Top to bottom, every record is to be copied word for word.

▶ Records provided:
=== Begin Enclosure ===

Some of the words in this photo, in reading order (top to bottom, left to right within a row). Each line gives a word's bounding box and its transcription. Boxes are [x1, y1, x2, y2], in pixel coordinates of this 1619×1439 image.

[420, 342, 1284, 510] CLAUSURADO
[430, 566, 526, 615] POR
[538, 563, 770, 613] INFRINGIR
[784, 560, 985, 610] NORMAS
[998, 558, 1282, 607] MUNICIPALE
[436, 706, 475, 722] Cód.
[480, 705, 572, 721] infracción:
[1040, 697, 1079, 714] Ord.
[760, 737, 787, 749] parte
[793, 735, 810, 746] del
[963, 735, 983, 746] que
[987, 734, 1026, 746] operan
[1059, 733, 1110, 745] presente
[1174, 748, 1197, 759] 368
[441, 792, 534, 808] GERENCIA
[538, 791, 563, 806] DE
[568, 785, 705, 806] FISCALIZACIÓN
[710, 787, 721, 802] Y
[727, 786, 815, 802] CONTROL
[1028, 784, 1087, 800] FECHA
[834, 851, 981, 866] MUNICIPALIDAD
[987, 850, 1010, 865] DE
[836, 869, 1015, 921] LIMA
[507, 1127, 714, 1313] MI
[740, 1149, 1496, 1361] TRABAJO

=== End Enclosure ===

▶ Written answer:
Some of the words in this photo, in reading order (top to bottom, left to right within a row). Each line gives a word's bounding box and its transcription. Boxes are [x1, y1, x2, y2], in pixel coordinates of this 1619×1439 image.

[420, 342, 1284, 510] CLAUSURADO
[430, 566, 526, 615] POR
[538, 563, 770, 613] INFRINGIR
[784, 560, 985, 610] NORMAS
[998, 558, 1282, 607] MUNICIPALE
[436, 706, 475, 722] Cód.
[480, 705, 572, 721] infracción:
[1040, 697, 1079, 714] Ord.
[760, 737, 787, 749] parte
[793, 735, 810, 746] del
[963, 735, 983, 746] que
[987, 734, 1026, 746] operan
[1059, 733, 1110, 745] presente
[1174, 748, 1197, 759] 368
[441, 792, 534, 808] GERENCIA
[538, 791, 563, 806] DE
[568, 785, 705, 806] FISCALIZACIÓN
[710, 787, 721, 802] Y
[727, 786, 815, 802] CONTROL
[1028, 784, 1087, 800] FECHA
[834, 851, 981, 866] MUNICIPALIDAD
[987, 850, 1010, 865] DE
[836, 869, 1015, 921] LIMA
[507, 1127, 714, 1313] MI
[740, 1149, 1496, 1361] TRABAJO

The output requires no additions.